Wednesday, June 2, 2010

Movin' On Up!

I hate moving. The whole idea of packing up every little piece of my property, whether it's my black pub style table and corresponding wobbly stools (We're talking Target here, not Pottery Barn) or one of 12 dinner plates (This time we're talking IKEA) is just exhausting. I loathe getting boxes together and filling them in an organized fashion with trinkets and dishes and books and toiletries only to have to unpack them within the following days. 

Then there's the cleaning. It's not as though I keep a dirty apartment (My mother would be so ashamed) or anything but I just have this nagging guilty conscious that forces me to perform the deepest scrub on any place I leave behind (Save for the last place I live that is, but hey--I was jipped out of my Eight Pound Oreck in that deal so I don't feel much remorse). I'll wipe down walls and scrub corners with a toothbrush until I've inhaled so many cleansing fumes that I'll start scrubbing spots that are more a figment of my intoxicated imagination (It's also at that point that I usually get distracted and think it'd be a good idea to go on some kind of Gonzo crusade).

I personally blame my three years living in UP dorms for my inane moving-out cleansing ritual. At the end of the school year, RAs would scrutinize our dorm rooms like a grandma scrutinizes fingernails, pointing out with horror and dismay the teeniest, tiniest, most minute speck of dirt. Unlike grandma though (hopefully!), UP charged a bleeping dollar for every one thing left in the dorm room. I once had to pay for a dried leaf the size of my pinkie nail.

And of course, along with the packing and cleaning, there's the whole finding a new place to live process and the accompanying stress that hides in its back pocket. I always get bullet-sweating nervous that I won't be able to find a place to live, despite the fact that Craigslist touts an average of 90 new listings at my price range in Multnomah County alone each day. Obviously I'm going to be able to find a new place to live but that still doesn't stop me from embarking on my search for a new abode weeks before its even sensible to start the application process.

Nevertheless, despite loathing the actual moving process, I can't help but be totally and completely stoked that I'm moving at the end of this month. Thanks to a 100 percent increase in my monthly budget, I'm able to afford a bigger apartment so that Walker -- bless his heart for putting up with being squished in a studio for three months -- and I can live more like adults in a real, live, well-put-together apartment and less like close-quartered college roommates.

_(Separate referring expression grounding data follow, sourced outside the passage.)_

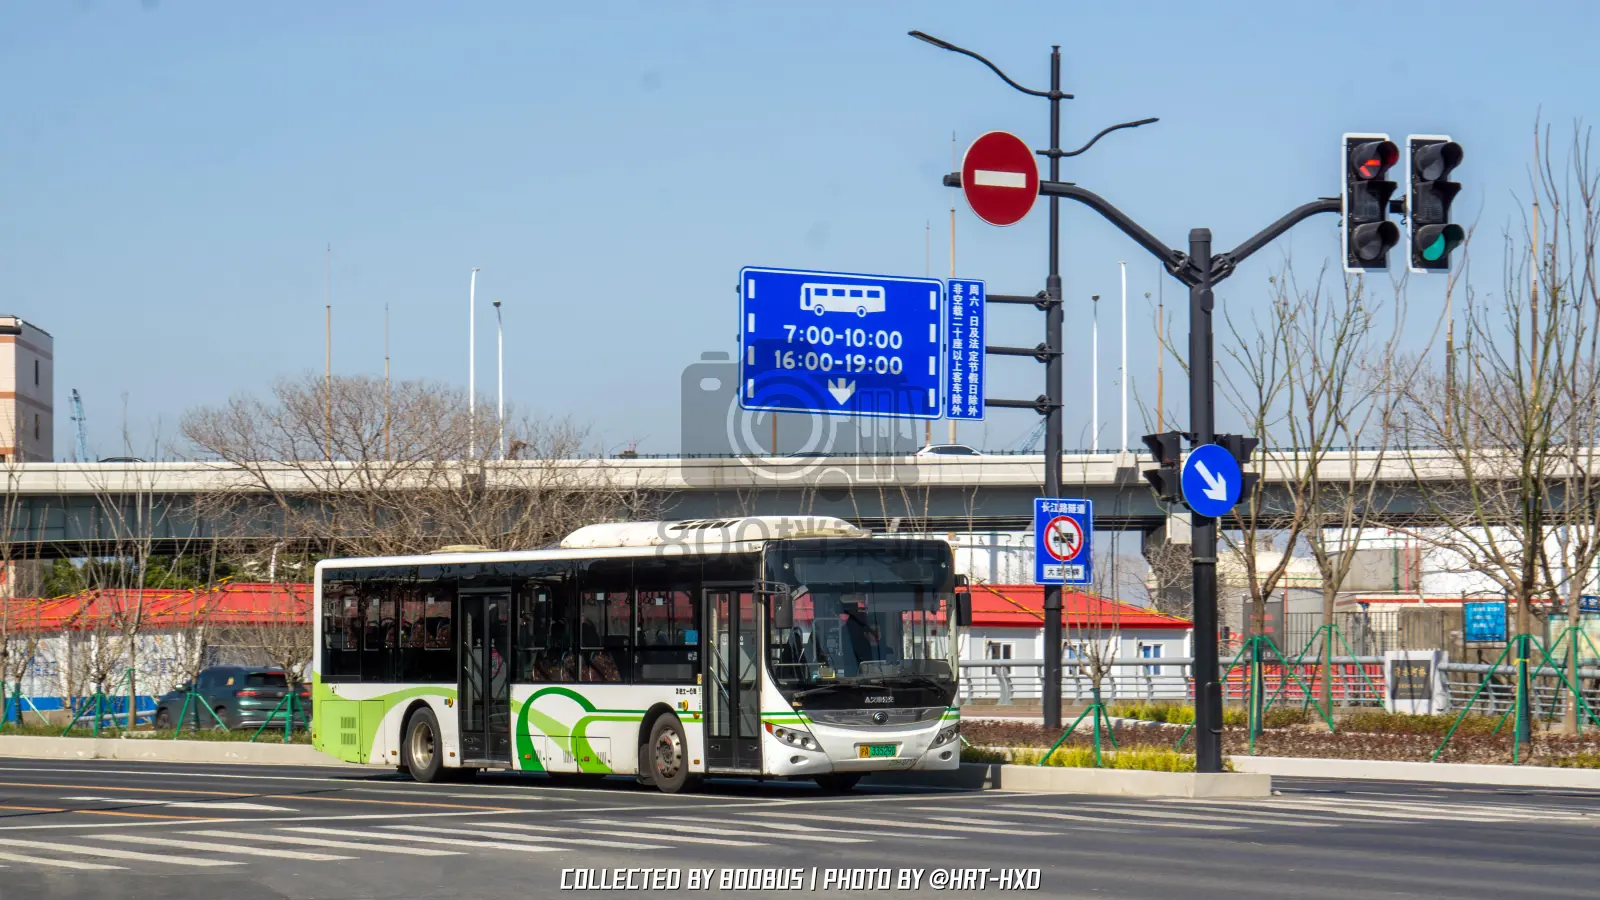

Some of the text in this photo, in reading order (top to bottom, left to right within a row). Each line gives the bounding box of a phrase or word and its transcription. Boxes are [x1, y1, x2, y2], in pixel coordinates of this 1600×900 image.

[783, 324, 903, 349] 7:00-10:00
[951, 283, 964, 416] 非空载二十座以上客车除外
[967, 284, 980, 417] 周六、日及法定节假日除外
[774, 350, 903, 375] 16:00-19:00
[1041, 501, 1086, 514] 长江路隧道
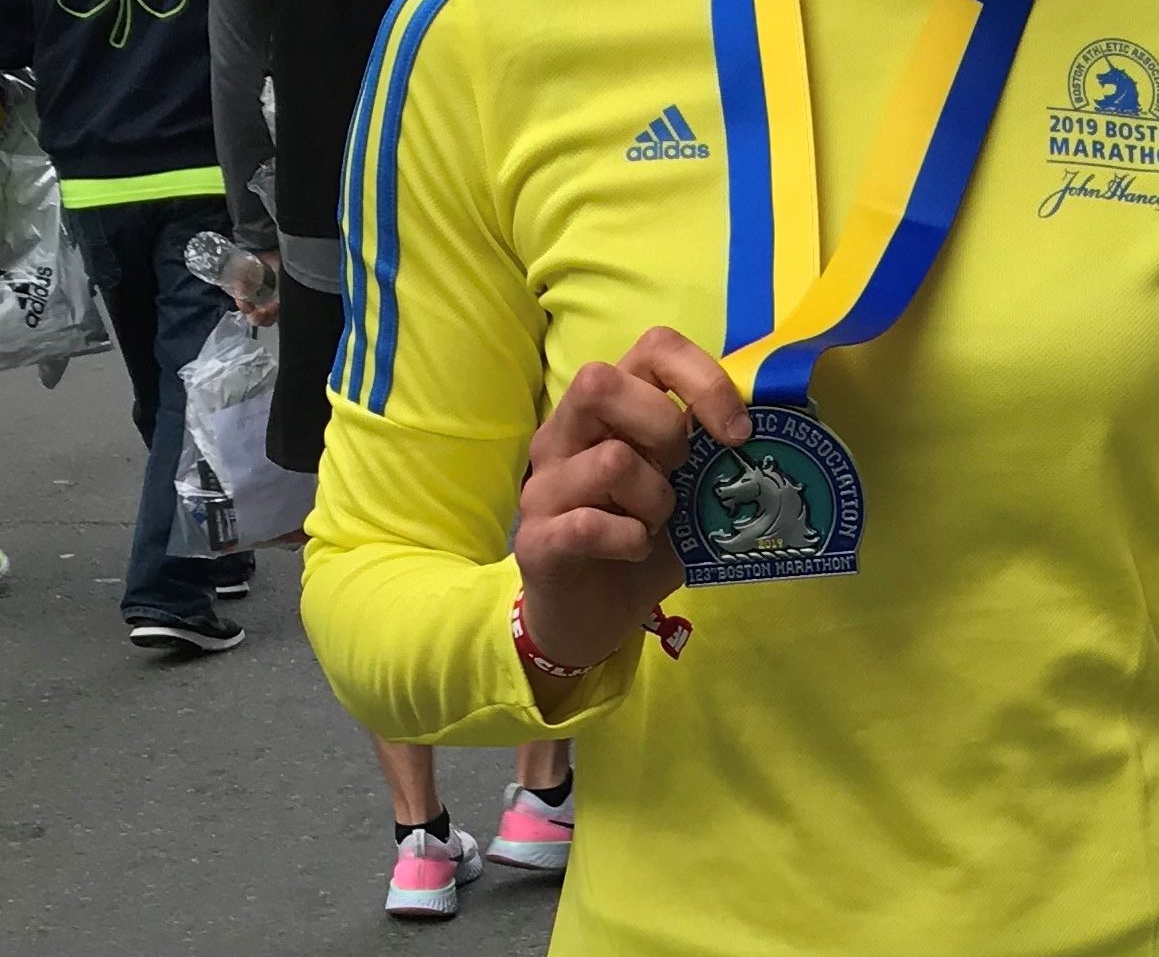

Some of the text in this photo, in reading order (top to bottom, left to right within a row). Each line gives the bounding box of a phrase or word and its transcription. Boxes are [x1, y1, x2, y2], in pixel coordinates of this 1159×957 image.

[1071, 62, 1084, 103] BOSTON
[1081, 42, 1130, 65] ATHLETIC
[1049, 115, 1098, 136] 2019
[626, 141, 711, 161] adidas
[1037, 168, 1101, 219] John
[25, 266, 54, 328] adidas
[782, 416, 860, 540] ASSOCIATION
[757, 538, 784, 550] 2019
[717, 563, 771, 581] BOSTON
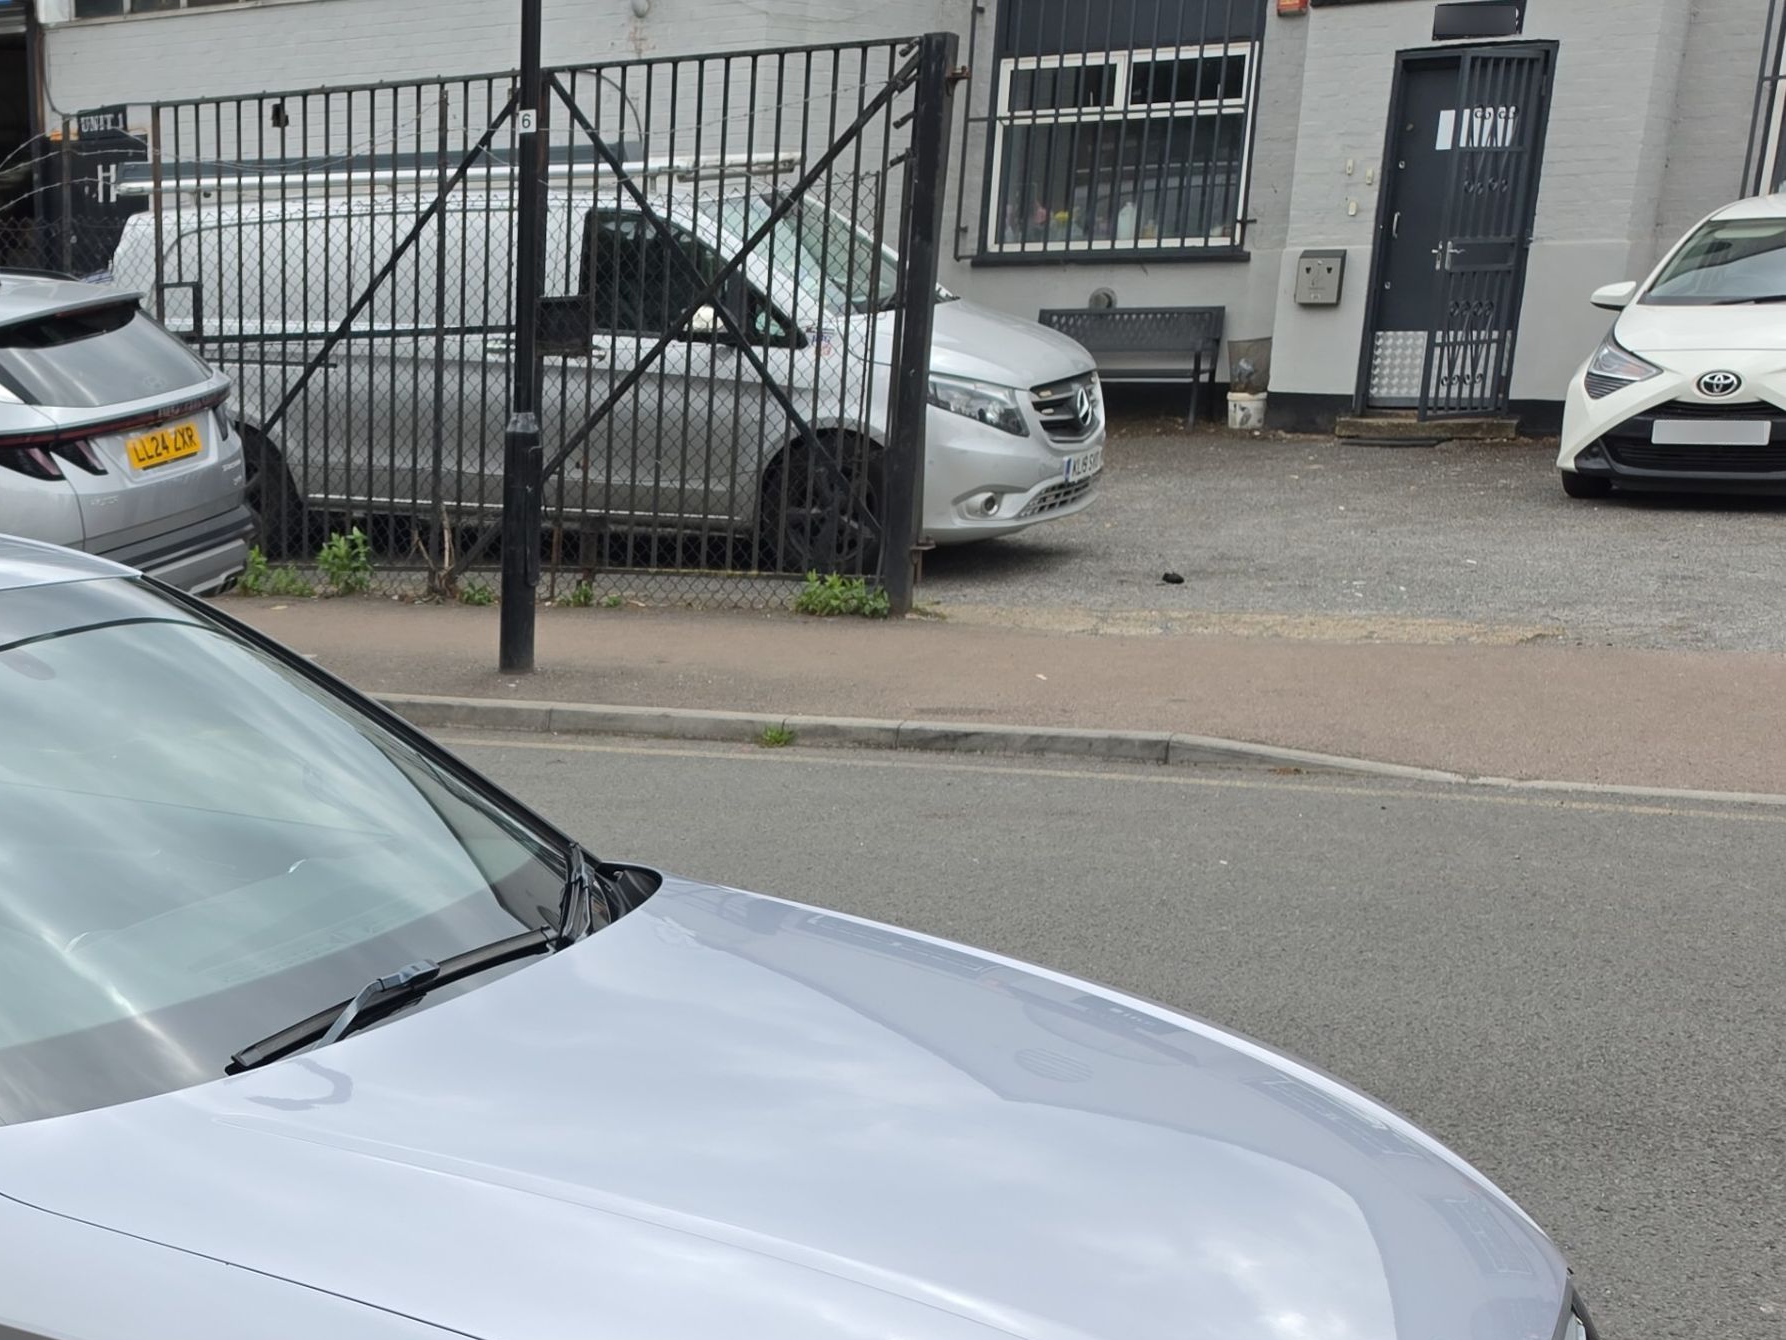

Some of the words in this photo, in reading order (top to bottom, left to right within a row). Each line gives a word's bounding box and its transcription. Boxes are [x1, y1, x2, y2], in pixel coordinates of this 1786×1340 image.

[80, 114, 114, 132] UNIT
[522, 113, 531, 129] 6
[132, 431, 171, 463] LL24
[174, 425, 198, 451] ZXR

Where we're going to live yet...well, we haven't figured that part out yet. But anywhere than where we are now will be better. It's not that The Plato is all that bad...there are worse places out there (Gresham, Tigard and Hillsboro to name a few). It's just become a bit inconvenient as of late, what with my apartment manager threatening to kick me out because Walker has a set of keys and The Nympho's Johns confusing my apartment for hers (I had a guy on Monday who, honestly -- looked 14 at best, knock on my door, push his body partially into our studio in search for her). My early mornings sometimes conflict with Walker's late night so the fact that he can legally have a set of keys would make our daily routines a bit smoother. My early morning runs and stretching routines won't bother his beauty sleep and his late night post-QO meeting drinkfests won't bother mine.

Now that I've put my (our) 30 days into the landlord, I'm starting to get antsy about finding a place, even though I'm still 9 days away from being able to make any kind of deposit. And there's the fact that we'll be headed to Spokane for Hoopfest (No, not to play 3-on-3 basketball...we're going to watch my brother and his friend play hungover) the last weekend of June, possibly leaving us with just weekdays, probably more realistically weeknights to move all of our stuff...

...which we have a lot of. Combined, we have enough place settings to throw a killer three-course meal dinner party for two dozen people -- predinner drinks and postdinner coffee included -- without washing a single dish. I have as many books (Helloooo English major!) as he does movies (Hellooooo Film major!) and the sheer quantity of appliance we have probably require more than one packed-to-the-brim car trip to our yet-to-exist new place.

We've yet to nail down where we want to live...though the lure of Northwest living is a luxury I've definitely gotten used to. Forest Park? Shopping? Close to work? Coffee every three feet? Yeah...leaving this area would definitely force me to make a change in my daily routine that I'm not quite sure I'm ready or willing to make.

I can only handle so much change at one time, after all.